Now, this being rock and roll, of course Brandon ended up shirtless, with all his late thirties rocker hair and groupie targeting nipples on jumbotron display for the world and this is when it happened. The meatheads realized that they were in love. Just. Can’t. Quit. You. Love. When Dana started laughing I looked down to see that two of the meatheads were dancing with each other, in that “I’m totally not gay, bro” way. They were both shirtless and were tenderly putting their sunglasses on each other. Probably to help ease the blinding pain of their newfound cosmic love. Somewhere in there Incubus actually played half a cover of Lionel Richie’s “Hello.” I like to think it’ll be their song.
Eventually, Incubus finished and we got another 30 minutes of Honda commercials.
When Linkin Park took the stage, I noticed that the arena was full now, and people really wanted them to start.
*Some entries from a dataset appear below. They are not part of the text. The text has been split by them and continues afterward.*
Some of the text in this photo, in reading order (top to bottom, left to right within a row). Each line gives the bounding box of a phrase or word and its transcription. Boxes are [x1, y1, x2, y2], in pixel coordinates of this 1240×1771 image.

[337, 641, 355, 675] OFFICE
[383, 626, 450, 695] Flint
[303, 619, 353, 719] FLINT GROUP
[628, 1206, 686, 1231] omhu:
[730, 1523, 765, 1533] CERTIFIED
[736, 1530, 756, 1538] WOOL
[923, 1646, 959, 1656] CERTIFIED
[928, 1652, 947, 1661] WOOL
It was about then that I realized I had no idea they were still recording. Now, to be fair, they sounded really good, but after a couple of songs, I found myself wanting to like them a lot more than I did. They came across as metal-lite. Sort what Kenny G is to jazz, or Justin Bieber is to people I don’t want to hit with a shovel.
I think the thing that killed it for me was when, about a third of the way in, after thrashing it up good, in a nice wholesome “you kids and your rock and roll” kind of way, Chester took a break from screaming to let us all know that he was sad the tour was ending because everyone in the other bands was “so fucking nice.” Cue screeching halt. Grinding gears. Smoking engines. Nice? NICE? You’re supposed to be angry. You’re supposed to be anti-establishment. At the very least the other guys should be “fucking awesome” or maybe “gnarly” or well any damn thing but “nice!” Jesus. Just stop and read off your recipe for vegan, gluten free tofurkey pizza while you’re at it. Oh, and thanks for also telling me you’re capping off the “most successful North American tour” you’ve ever done.
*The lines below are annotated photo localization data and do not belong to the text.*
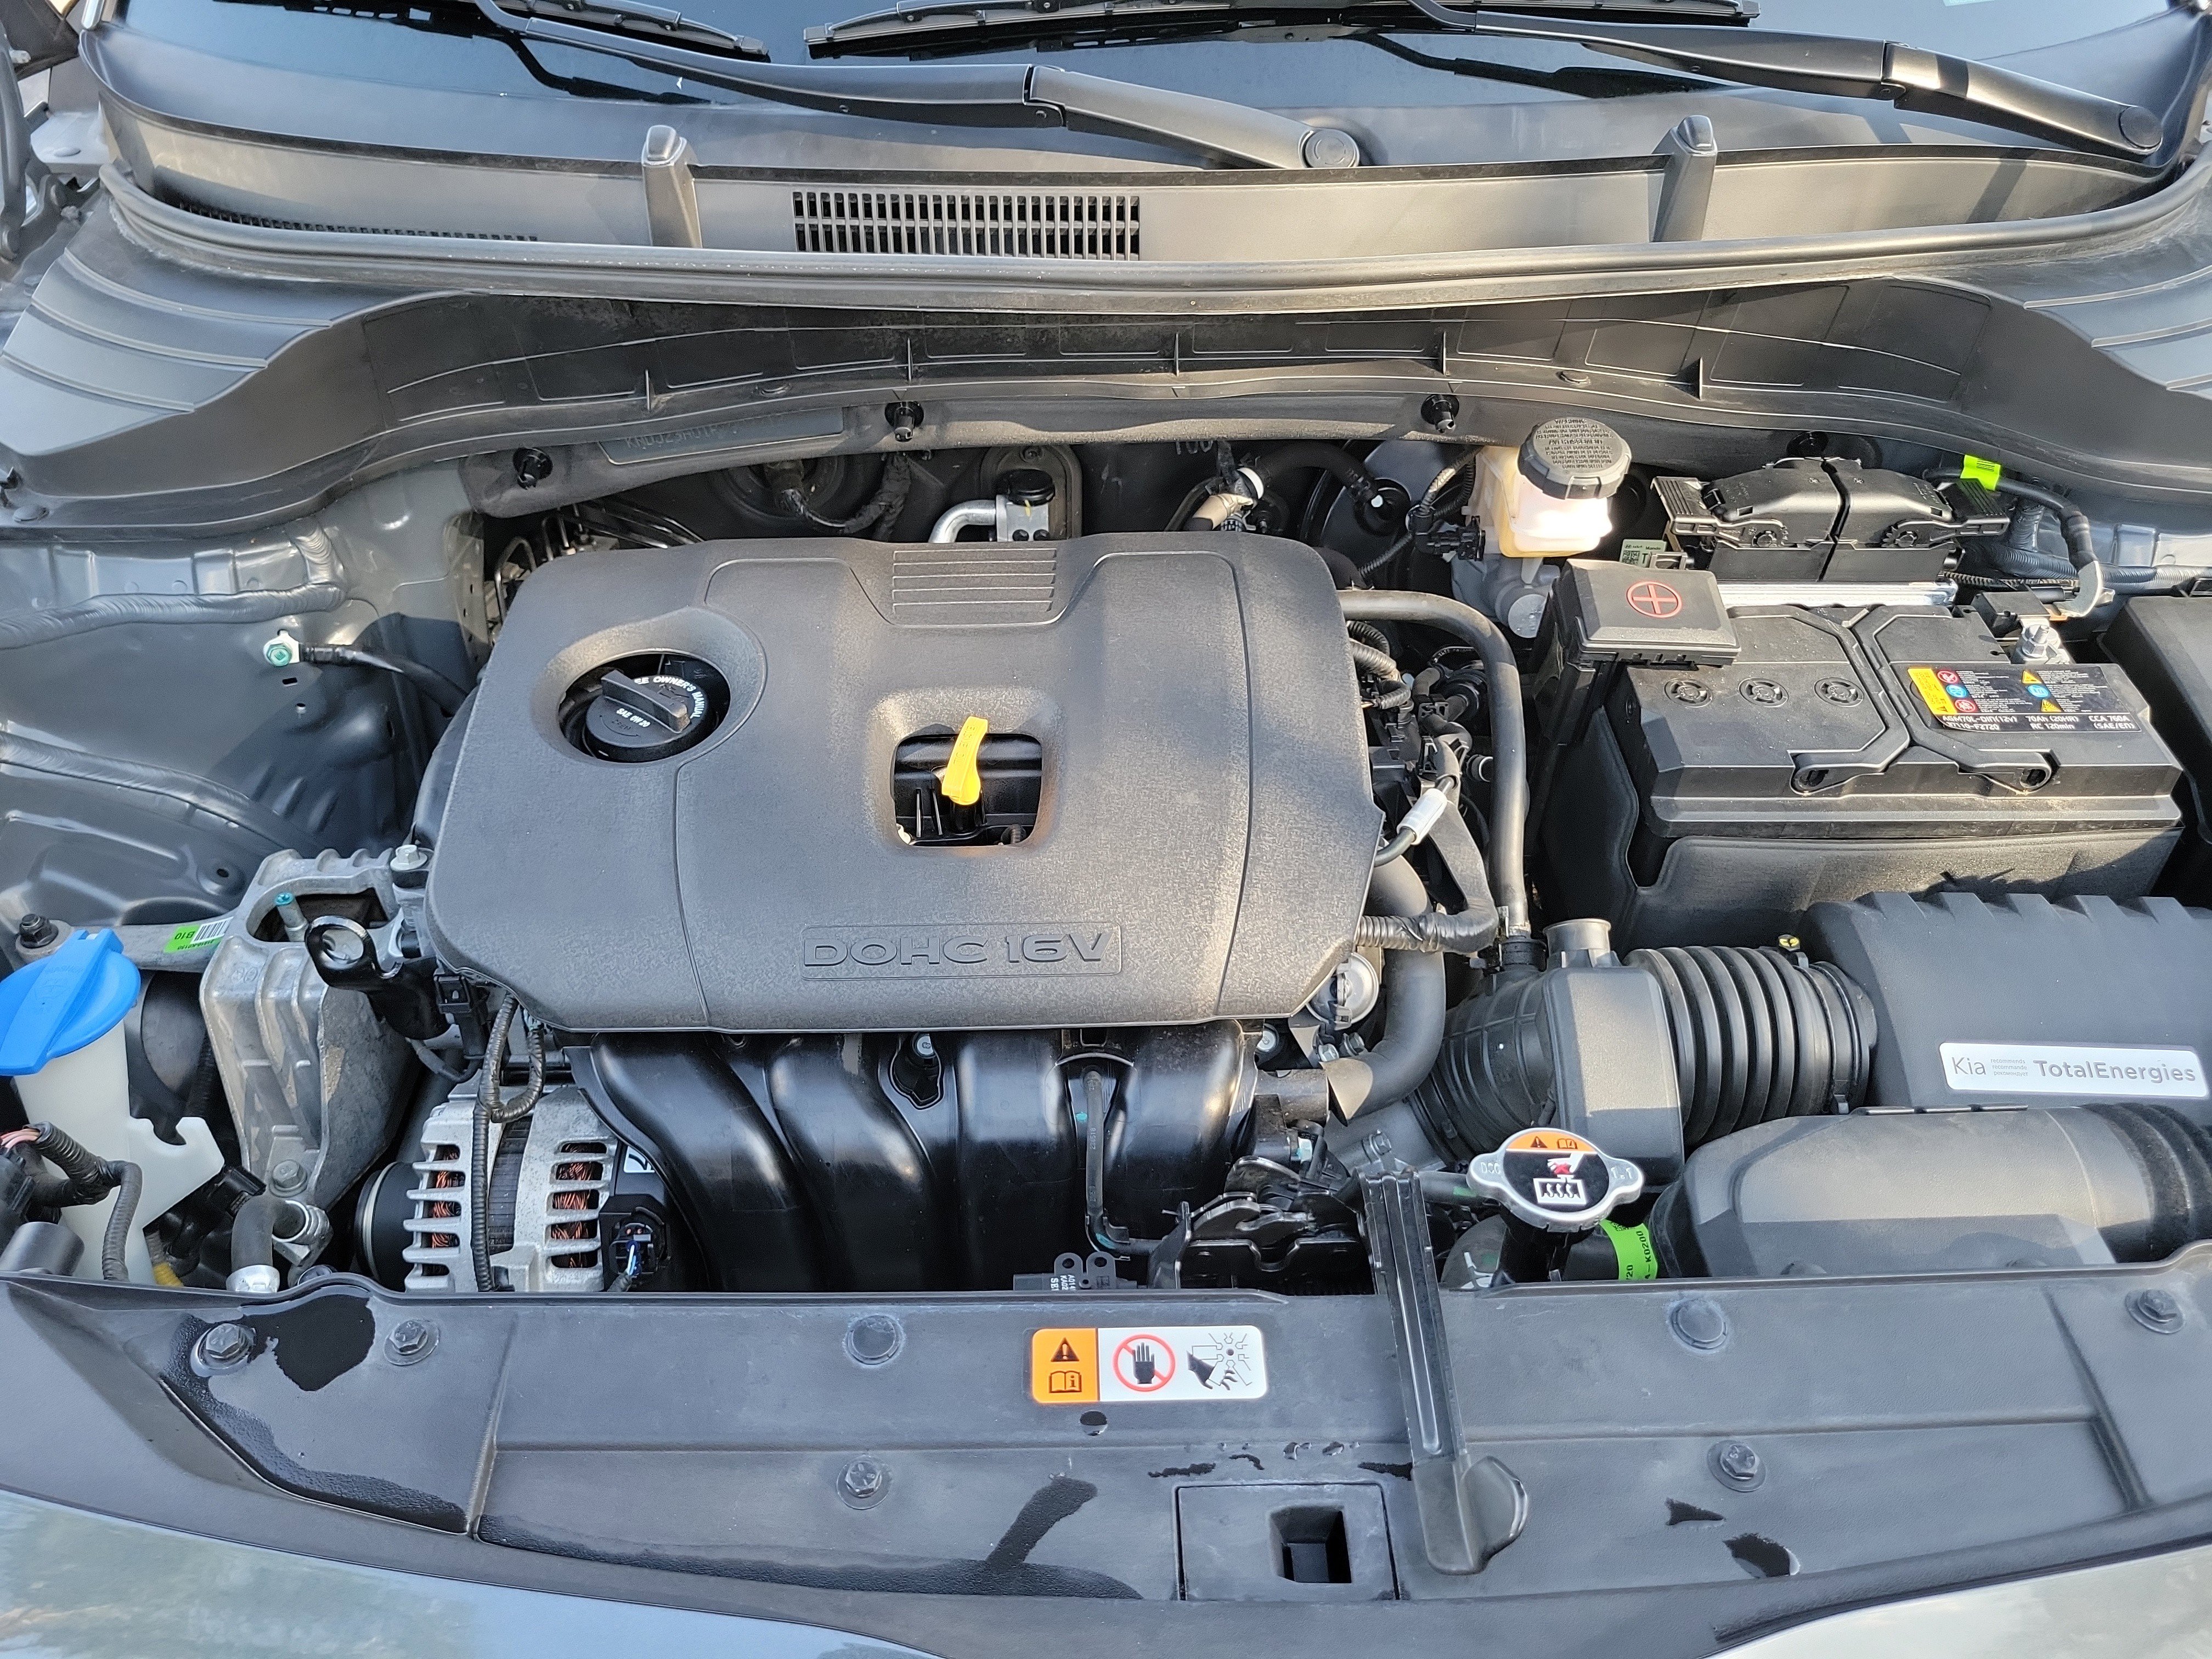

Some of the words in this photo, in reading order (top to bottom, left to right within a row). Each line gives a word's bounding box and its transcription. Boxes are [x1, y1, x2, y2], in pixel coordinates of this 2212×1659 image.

[653, 676, 697, 692] OWNER'S
[690, 691, 706, 719] MANUAL
[616, 708, 633, 718] SAE
[174, 931, 196, 940] B10
[804, 936, 989, 967] DOHC
[1005, 932, 1114, 963] 16V
[1951, 1057, 1987, 1075] Kia
[2033, 1060, 2196, 1084] TotalEnergies
Jimmy Buffett used to do this thing where during the intermission he showed a video of him with his planes and boats and beach houses and pretty much pointed out which mortgages tonight’s show was paying. It was funny because it was so bold. It wasn’t “nice.”
Call me old fashioned, but I’m actually starting to miss the days when rock bands spent all their time between songs calling their audiences motherfuckers. If your songs involve screaming, you have an image to protect. Telling us we’re all nice and that we’ve done a great job financing your kids’ education isn’t gonna cut it. Now go bite the head off a bat. You can get a tofu bat if you want.